Malaepule v. Lefiti

*216Order Denying Motion for Reconsideration/New Trial:

HISTORY

In its order entered January 9, 1996, ("our order") this court resolved the present title dispute relating to the land Vasa'aiga ("disputed land") in favor of the Afo Family. Ten days following the judgment defendant Fa'agau Lefiti ("Fa'agau") filed a motion for reconsideration or new trial on the ground that the court misconstrued the facts presented at trial.

There are, essentially, six errors claimed in Fa'agau’s motion: (1) that the court should have given stronger consideration to the fact that Fa'agau exercised pule (control) over the disputed land by signing separation agreements in order for members of the Fa'agau family to obtain construction permits to build homes on the land; (2) that Finagalo Aveina ("Finagalo") constructed an apartment building on the disputed land which would have been noticed and objected to by the Afo Family if they had actually owned the land; (3) that Fa'anau v. Faumui, 2 A.S.R. 228 (Trial Div. 1947), cited in our order at footnote 2, proves that Faumui Pisa, who lived on the disputed land, was a member of the Fa'agau family, and was present on the disputed land in that capacity; (4) that the decision was based on hearsay testimony; (5) that Fa'agau is entitled to the land by adverse possession; and (6) that land cannot be registered to the Afo family, an objector, because Fa'agau fails to prove his case.

DISCUSSION

With respect to the first two claims of error, our order gave thorough treatment to these issues. Although Fa'agau may take issue with our interpretation of the facts, a trial court is a fact-finding tribunal. Interpreting facts is what a trial court does. The mere reiteration of arguments which have already been heard and rejected at trial is not likely to be more persuasive in a motion to reconsider. It is not persuasive in this case.

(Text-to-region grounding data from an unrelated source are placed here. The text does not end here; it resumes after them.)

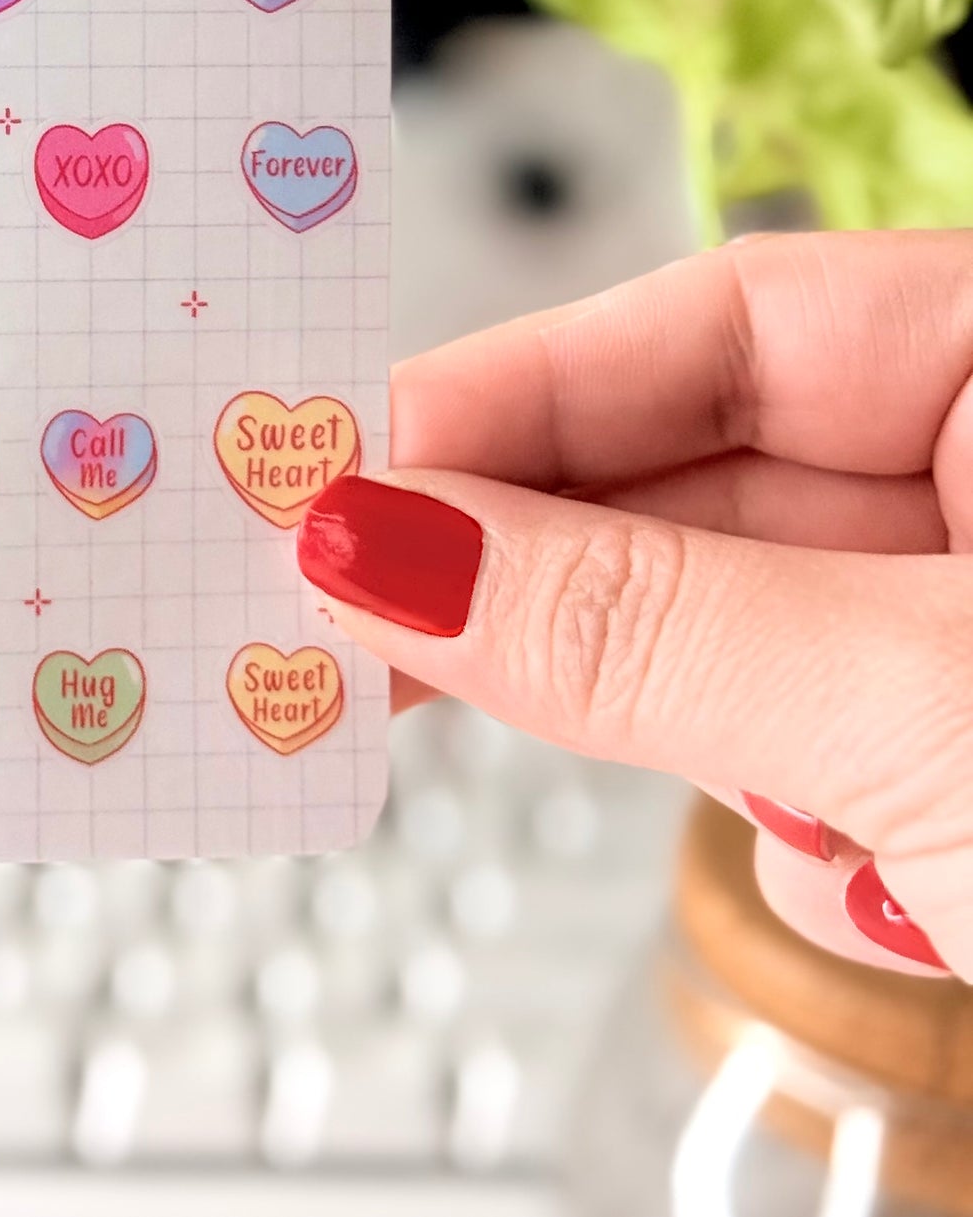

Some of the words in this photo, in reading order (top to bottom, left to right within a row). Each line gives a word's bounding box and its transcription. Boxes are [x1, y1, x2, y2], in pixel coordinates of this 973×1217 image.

[54, 154, 132, 188] XOXO
[251, 150, 346, 179] Forever
[70, 427, 126, 458] Call
[236, 414, 343, 452] Sweet
[80, 462, 118, 489] Me
[246, 457, 332, 488] Heart
[61, 669, 116, 707] Hug
[244, 660, 329, 693] Sweet
[71, 701, 108, 729] Me
[252, 697, 322, 725] Heart

The third issue concerned this court’s 1947 decision in Fa'anau v. Faumui, 2 A.S.R. 228 (Trial Div. 1947), which was cited in our order for the proposition that the parties in this case are not relatives. Fa'agau points out that Faumui Pisa testified that he was the senior matai of the Fa'agau family. Id. at 229. Although Faumui testified to that effect, he supported this testimony with a claim that "Fa'anau was his talking chief," and that his name was a Faganeanea title, facts which Fa'anau himself denied, claiming that Faumui was originally a Nu'uuli name. Id. The Fa'anau Court’s decision is consistent with Fa'anau’s rendition of these facts. Id. at 230.

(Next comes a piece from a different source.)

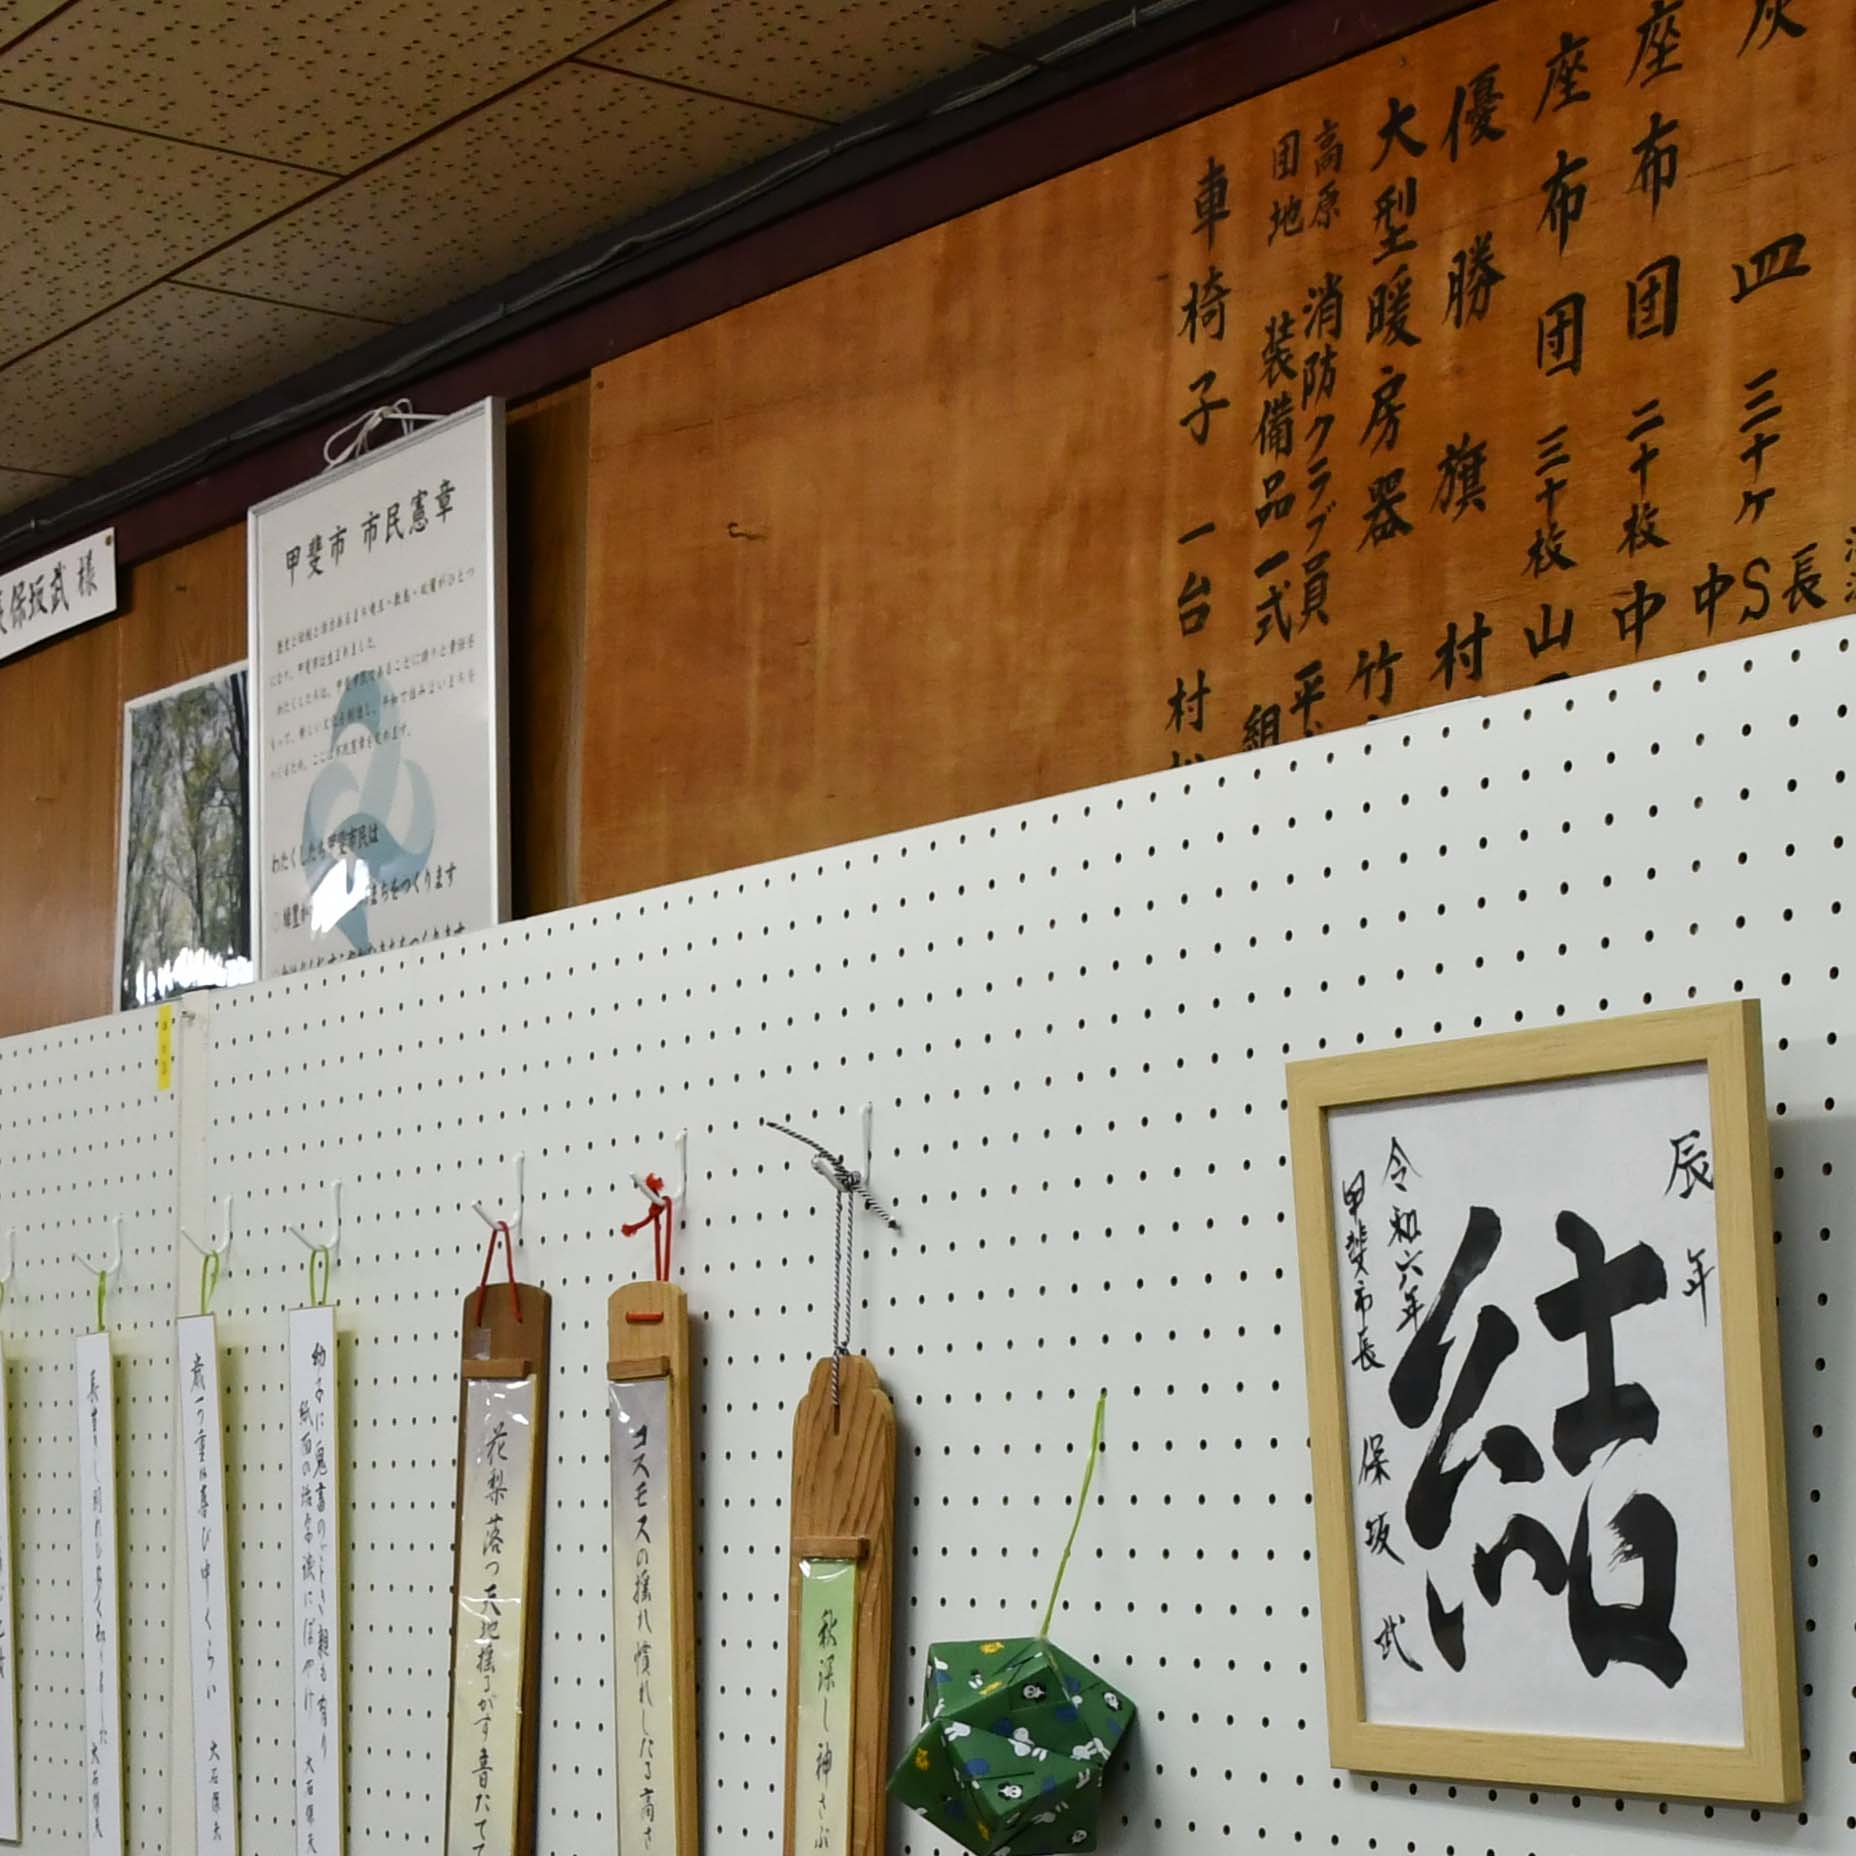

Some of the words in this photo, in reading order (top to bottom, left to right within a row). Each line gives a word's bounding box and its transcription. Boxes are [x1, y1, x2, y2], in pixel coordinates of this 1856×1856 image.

*217Fa'agau claims, in a rather conclusory statement, that the decision was based on hearsay testimony. Although it is generally accepted that title to land cannot be evidenced by hearsay, Talo v. Tavai, 2 A.S.R. 63, 68 (Trial Div. 1939), an exception to the hearsay rule exists for the "communal land-tenure system", permitting the admission of oral family histories in the absence of "title documentation." Toilolo v. Poti, 23 A.S.R.2d 130, 132 (Land & Titles Div. 1993); see Tupuola v. Tu'ufuli, 1 A.S.R.2d 80, 81 (App. Div. 1983).

Furthermore, continuous use and possession of the land generally indicates ownership in Samoan tradition, and gives rise to a legal presumption of ownership. Tupuola, supra; Talo, supra at 68-70.1 In our order we made explicit factual findings that evidence of possession and control of the disputed land preponderates in favor of the Afo family. Fa'agau’s claim of title by adverse possession is inconsistent with this holding, and we have been given no persuasive reason to revisit it.

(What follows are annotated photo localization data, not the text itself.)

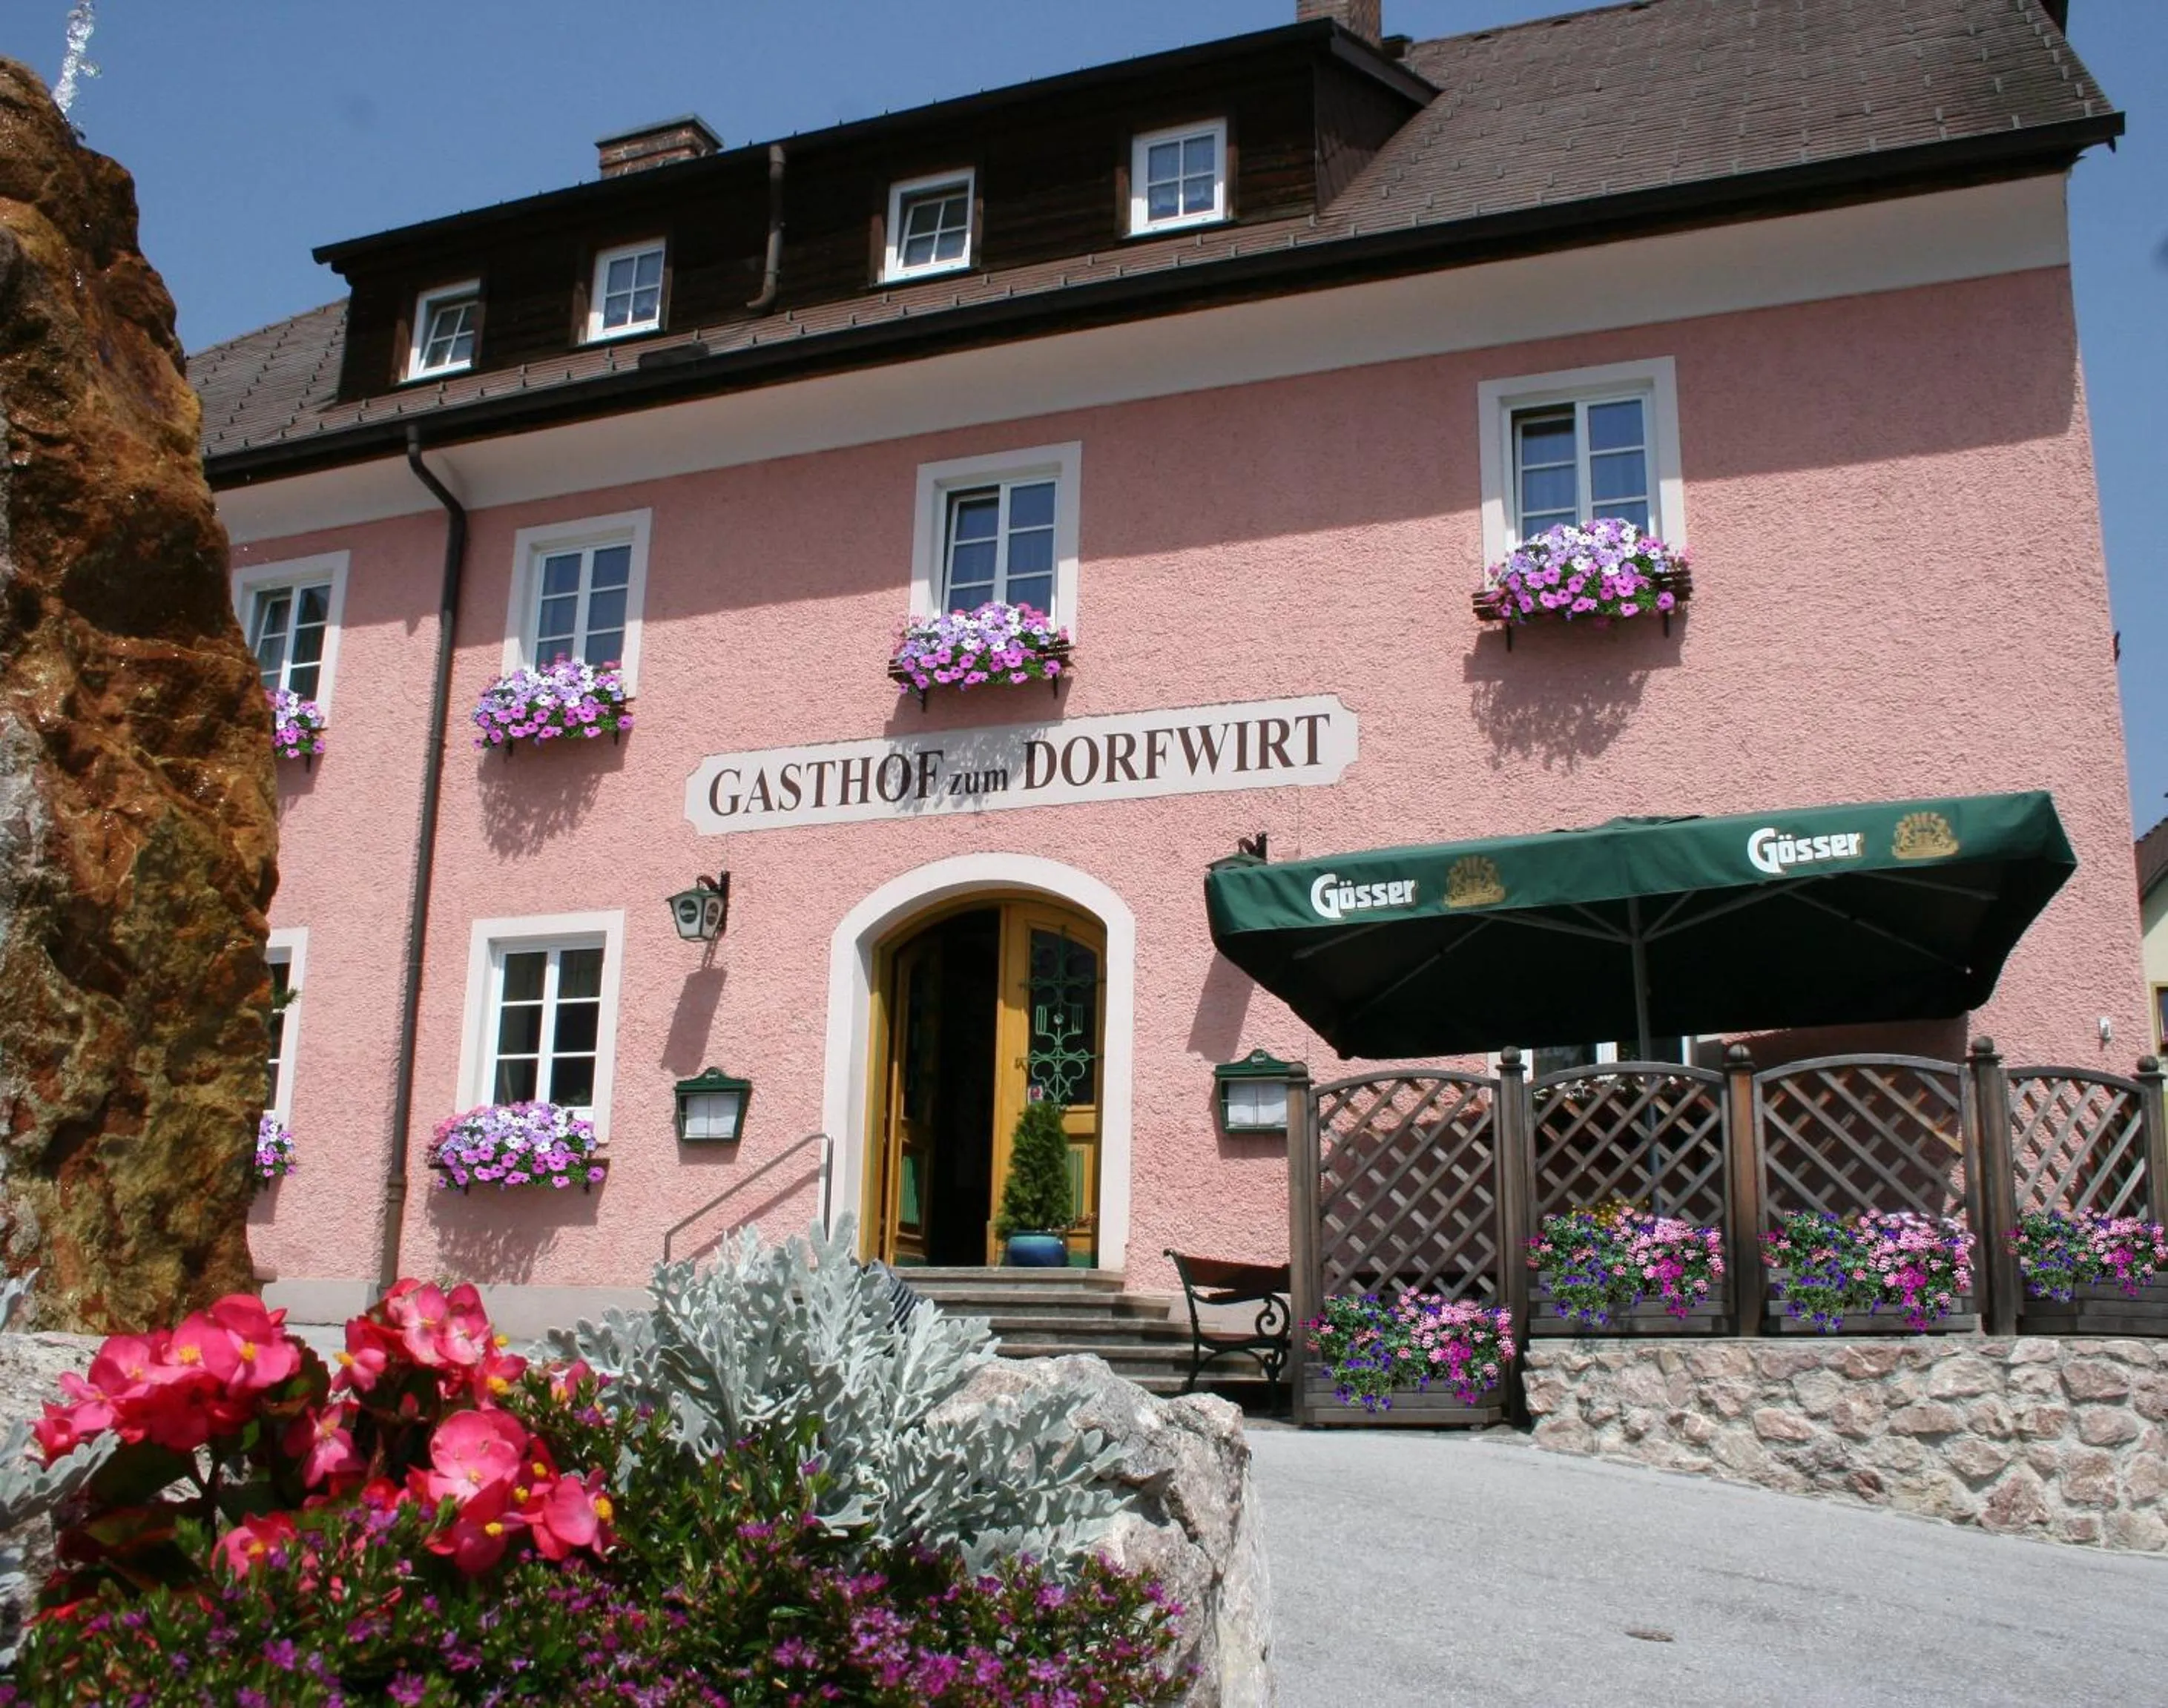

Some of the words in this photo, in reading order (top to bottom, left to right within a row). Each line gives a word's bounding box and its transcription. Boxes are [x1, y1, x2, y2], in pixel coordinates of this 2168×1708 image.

[708, 749, 945, 817] GASTHOF
[948, 768, 1009, 797] zum
[1022, 713, 1331, 791] DORFWIRT
[1747, 827, 1863, 874] Gösser
[1310, 873, 1418, 919] Gösser

Fa'agau’s final argument is that we cannot award title to an objector merely because a claimant fails to prove his case, and that the Afo family is required to make a separate survey of the land and a separate petition for registration before the court may award title to them. This is simply wrong.

Section [0104] of Title [37] of the American Samoa Code does not indicate the manner in which conflicting claims may be adjudicated. In the absence of any particulars in this regard, the trial court may adjudicate in favor of both the applicant and objector, or the objector alone if the objector’s claim is proven superior to that of the claimant.... There are case precedents of this fact. In Fiailoa v. Meredith (H.C.T.D. 1941) 2 A.S.R. 129, plaintiff applied to register a land as individually-owned land, however, the court ruled that land was the communally-owned land of the defendant’s family and registration was effected accordingly.

Leomiti v. Heirs of Malufau, LT No. 63-77, slip. op. at 29 (Land & Titles Div. December 13, 1977) (citations omitted) aff'd in. Te'o v. Fanene, AP No. 13-78, slip op. (App. Div. February 21, 1980). In the present case we made explicit findings that the Afo family’s claim to the disputed land *218was superior to that of Fa'agau, and we have been given no persuasive reason to revisit this finding.

For the foregoing reasons, the motion for reconsideration/new trial is denied.

It is so ordered.

Numerous additional authorities for this principle are cited on pages 9-10 of our order, and require no repetition here.